Stored entries

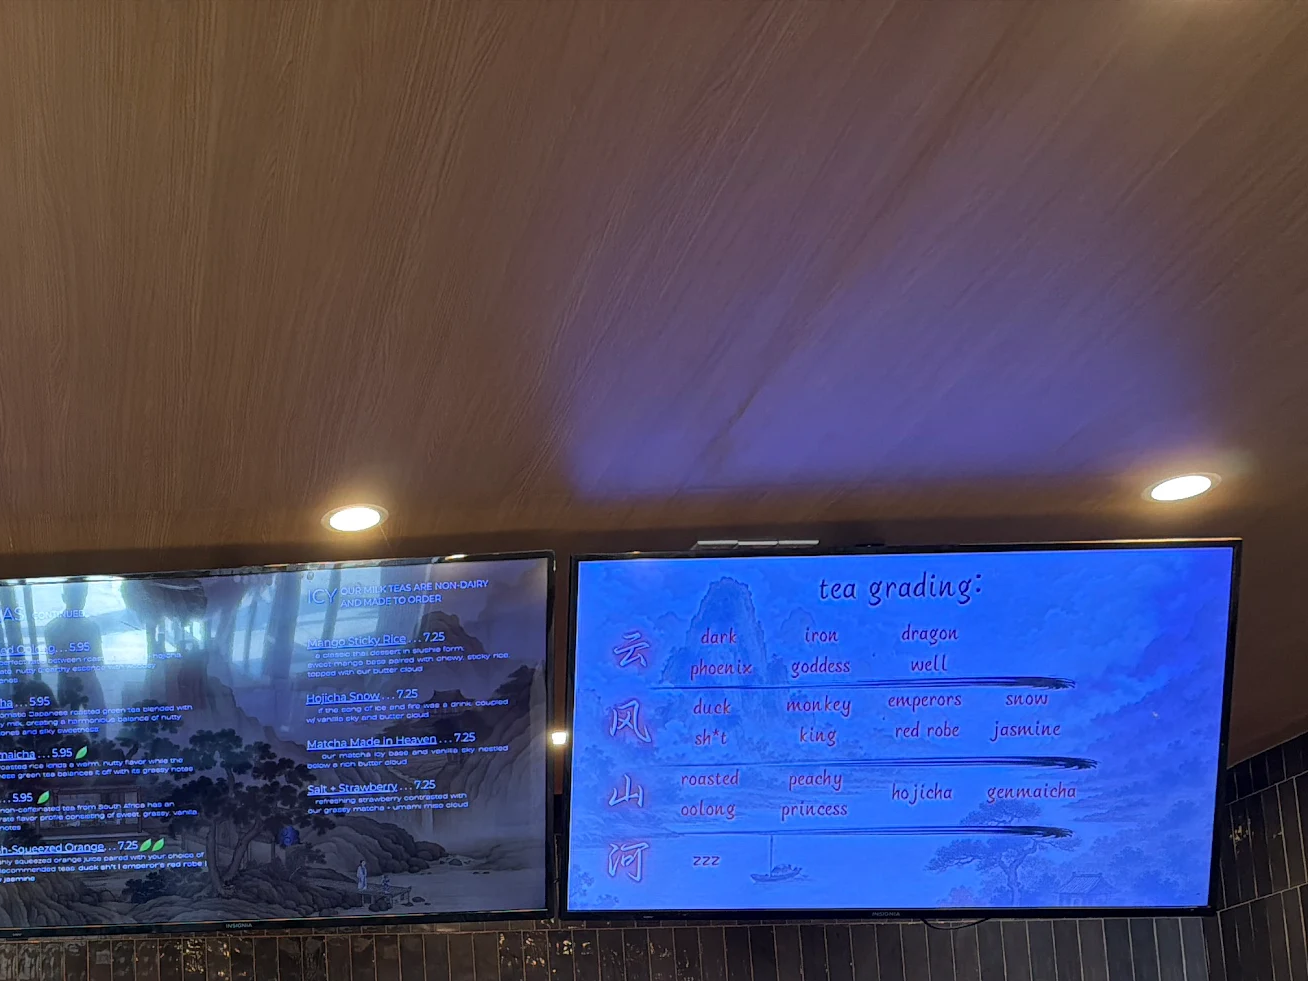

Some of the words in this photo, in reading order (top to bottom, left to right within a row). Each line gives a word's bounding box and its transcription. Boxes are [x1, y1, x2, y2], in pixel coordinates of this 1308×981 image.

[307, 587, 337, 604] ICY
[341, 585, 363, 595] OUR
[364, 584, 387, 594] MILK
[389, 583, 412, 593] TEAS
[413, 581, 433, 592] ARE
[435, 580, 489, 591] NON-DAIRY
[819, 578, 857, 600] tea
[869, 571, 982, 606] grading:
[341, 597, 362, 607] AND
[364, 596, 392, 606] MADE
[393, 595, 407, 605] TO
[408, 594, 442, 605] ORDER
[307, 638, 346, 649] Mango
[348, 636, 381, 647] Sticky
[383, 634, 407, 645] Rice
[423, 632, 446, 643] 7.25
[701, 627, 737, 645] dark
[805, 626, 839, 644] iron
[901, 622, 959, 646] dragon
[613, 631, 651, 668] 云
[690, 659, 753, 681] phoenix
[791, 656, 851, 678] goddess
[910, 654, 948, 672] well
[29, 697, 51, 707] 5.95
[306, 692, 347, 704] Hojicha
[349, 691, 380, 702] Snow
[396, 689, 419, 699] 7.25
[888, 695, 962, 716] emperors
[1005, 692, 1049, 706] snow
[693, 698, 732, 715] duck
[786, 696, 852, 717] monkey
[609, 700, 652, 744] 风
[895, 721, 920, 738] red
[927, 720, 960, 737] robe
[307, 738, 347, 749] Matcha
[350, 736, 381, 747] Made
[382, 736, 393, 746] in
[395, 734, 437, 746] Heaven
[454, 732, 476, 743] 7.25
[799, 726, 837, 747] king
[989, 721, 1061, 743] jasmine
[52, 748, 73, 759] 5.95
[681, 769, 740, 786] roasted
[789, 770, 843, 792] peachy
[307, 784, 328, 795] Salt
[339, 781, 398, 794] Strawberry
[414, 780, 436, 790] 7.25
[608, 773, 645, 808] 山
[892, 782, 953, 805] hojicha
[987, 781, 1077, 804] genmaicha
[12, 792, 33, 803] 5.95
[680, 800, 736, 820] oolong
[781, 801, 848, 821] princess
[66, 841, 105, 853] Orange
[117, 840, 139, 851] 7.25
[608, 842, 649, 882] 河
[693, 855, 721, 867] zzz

WHAT NEEDS TO BE DONE
Print the data word for word and omit the pictures.

OUTPUT OF THE TASK
Some of the words in this photo, in reading order (top to bottom, left to right within a row). Each line gives a word's bounding box and its transcription. Boxes are [x1, y1, x2, y2], in pixel coordinates of this 1308×981 image.

[307, 587, 337, 604] ICY
[341, 585, 363, 595] OUR
[364, 584, 387, 594] MILK
[389, 583, 412, 593] TEAS
[413, 581, 433, 592] ARE
[435, 580, 489, 591] NON-DAIRY
[819, 578, 857, 600] tea
[869, 571, 982, 606] grading:
[341, 597, 362, 607] AND
[364, 596, 392, 606] MADE
[393, 595, 407, 605] TO
[408, 594, 442, 605] ORDER
[307, 638, 346, 649] Mango
[348, 636, 381, 647] Sticky
[383, 634, 407, 645] Rice
[423, 632, 446, 643] 7.25
[701, 627, 737, 645] dark
[805, 626, 839, 644] iron
[901, 622, 959, 646] dragon
[613, 631, 651, 668] 云
[690, 659, 753, 681] phoenix
[791, 656, 851, 678] goddess
[910, 654, 948, 672] well
[29, 697, 51, 707] 5.95
[306, 692, 347, 704] Hojicha
[349, 691, 380, 702] Snow
[396, 689, 419, 699] 7.25
[888, 695, 962, 716] emperors
[1005, 692, 1049, 706] snow
[693, 698, 732, 715] duck
[786, 696, 852, 717] monkey
[609, 700, 652, 744] 风
[895, 721, 920, 738] red
[927, 720, 960, 737] robe
[307, 738, 347, 749] Matcha
[350, 736, 381, 747] Made
[382, 736, 393, 746] in
[395, 734, 437, 746] Heaven
[454, 732, 476, 743] 7.25
[799, 726, 837, 747] king
[989, 721, 1061, 743] jasmine
[52, 748, 73, 759] 5.95
[681, 769, 740, 786] roasted
[789, 770, 843, 792] peachy
[307, 784, 328, 795] Salt
[339, 781, 398, 794] Strawberry
[414, 780, 436, 790] 7.25
[608, 773, 645, 808] 山
[892, 782, 953, 805] hojicha
[987, 781, 1077, 804] genmaicha
[12, 792, 33, 803] 5.95
[680, 800, 736, 820] oolong
[781, 801, 848, 821] princess
[66, 841, 105, 853] Orange
[117, 840, 139, 851] 7.25
[608, 842, 649, 882] 河
[693, 855, 721, 867] zzz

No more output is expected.